Records excerpted from a collection:

● ● ● ● ●

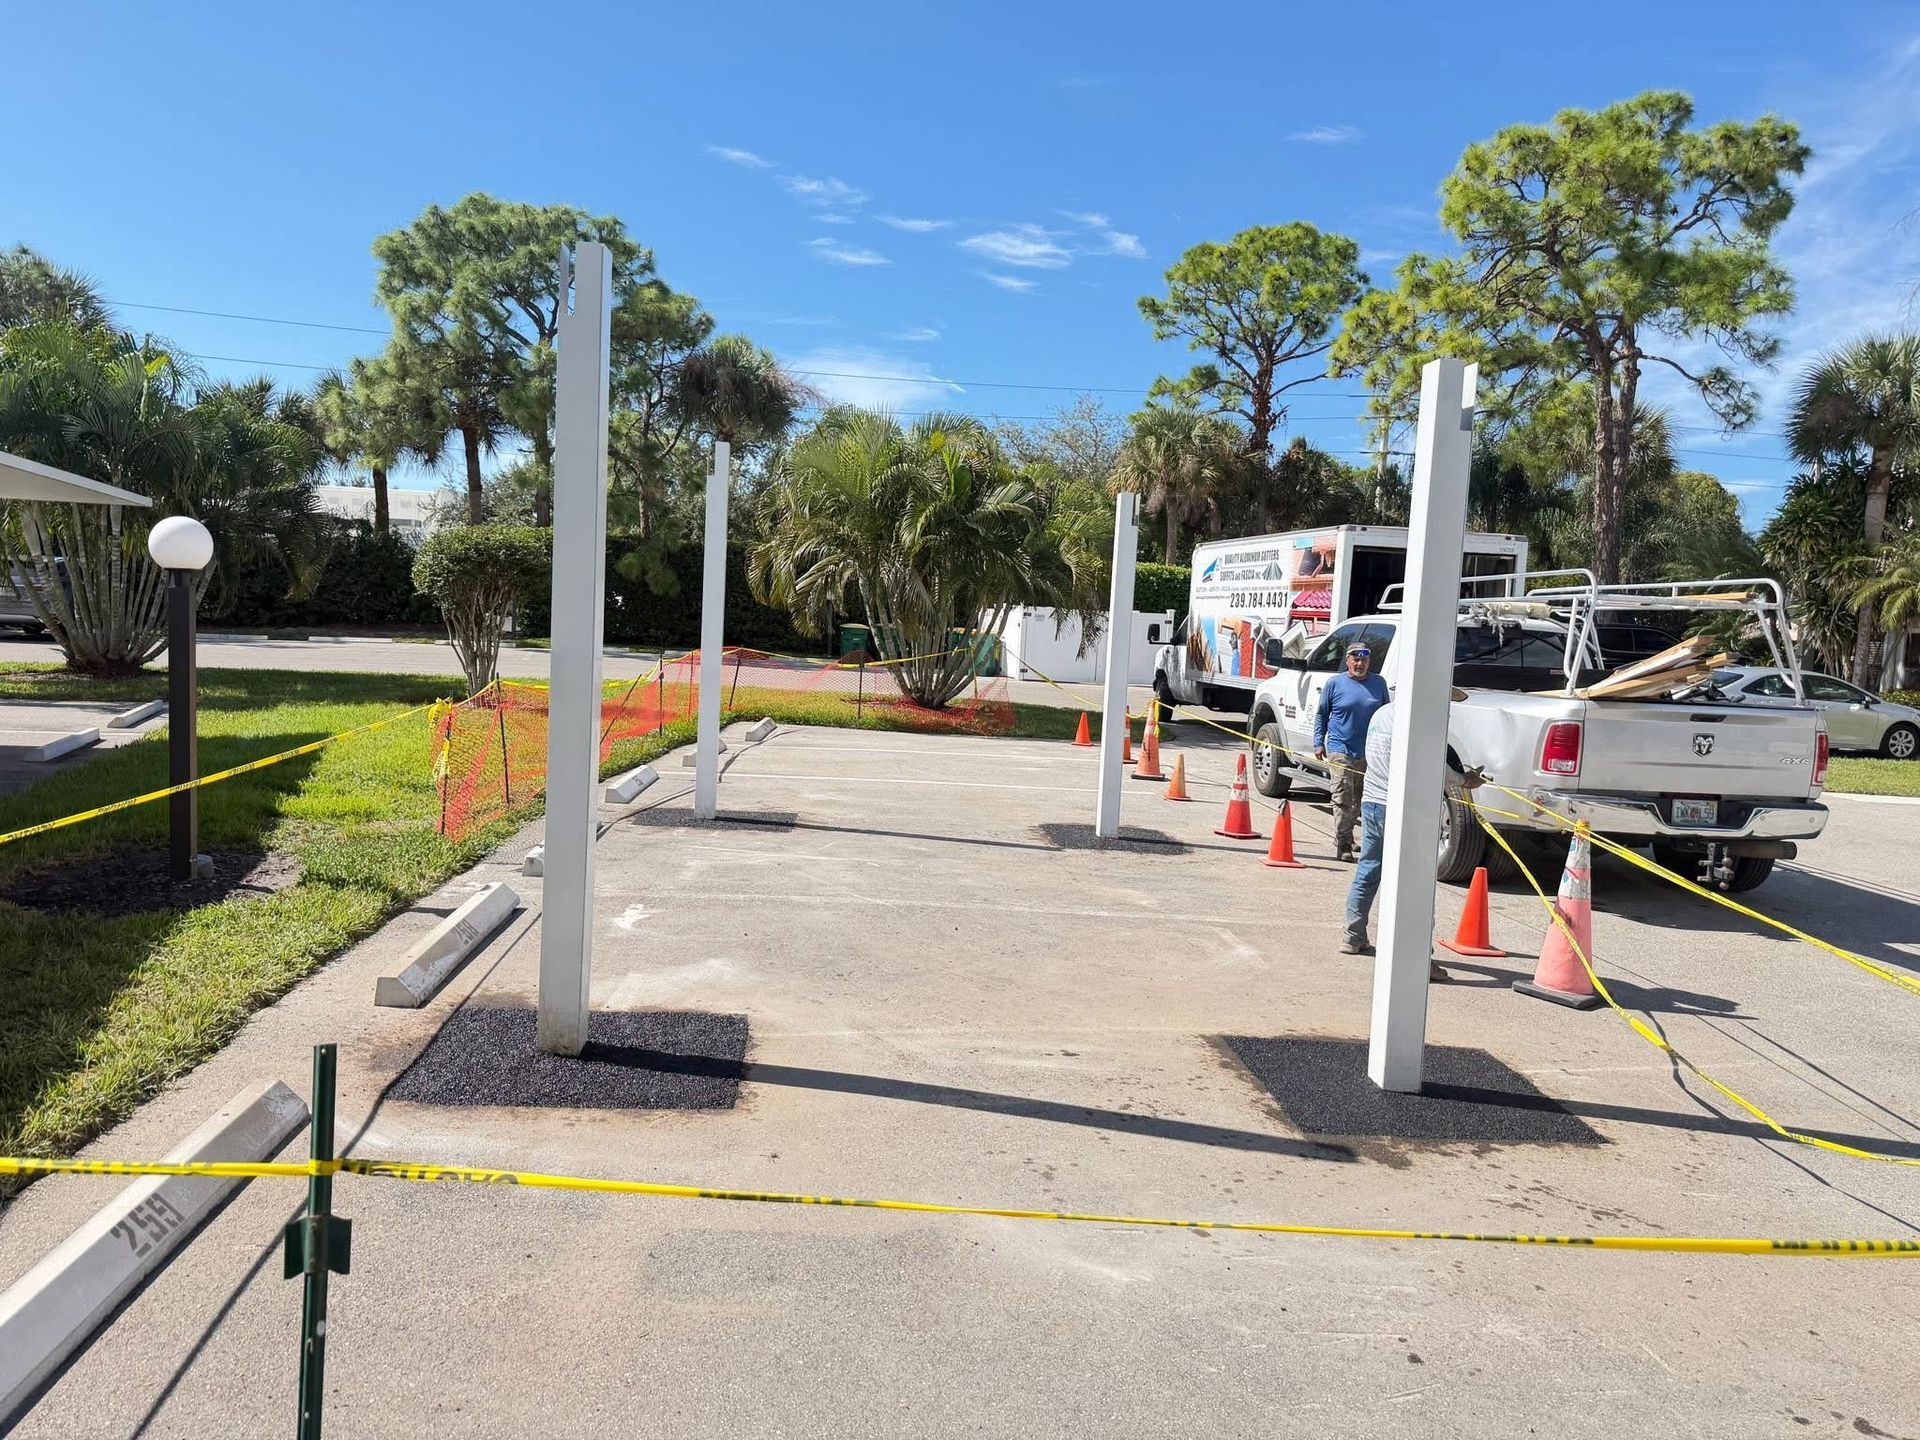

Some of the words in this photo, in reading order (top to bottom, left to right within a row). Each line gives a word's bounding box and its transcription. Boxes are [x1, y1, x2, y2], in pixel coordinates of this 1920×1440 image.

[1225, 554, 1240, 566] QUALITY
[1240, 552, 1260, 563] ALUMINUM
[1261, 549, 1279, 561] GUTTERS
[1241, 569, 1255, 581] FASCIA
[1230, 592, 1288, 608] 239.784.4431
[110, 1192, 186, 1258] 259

● ● ● ● ●

[WHAT IS NEEDED]
Restate the entries word for word, though any image they contain should not appear.

[COMPLETED EXERCISE]
Some of the words in this photo, in reading order (top to bottom, left to right within a row). Each line gives a word's bounding box and its transcription. Boxes are [x1, y1, x2, y2], in pixel coordinates of this 1920×1440 image.

[1225, 554, 1240, 566] QUALITY
[1240, 552, 1260, 563] ALUMINUM
[1261, 549, 1279, 561] GUTTERS
[1241, 569, 1255, 581] FASCIA
[1230, 592, 1288, 608] 239.784.4431
[110, 1192, 186, 1258] 259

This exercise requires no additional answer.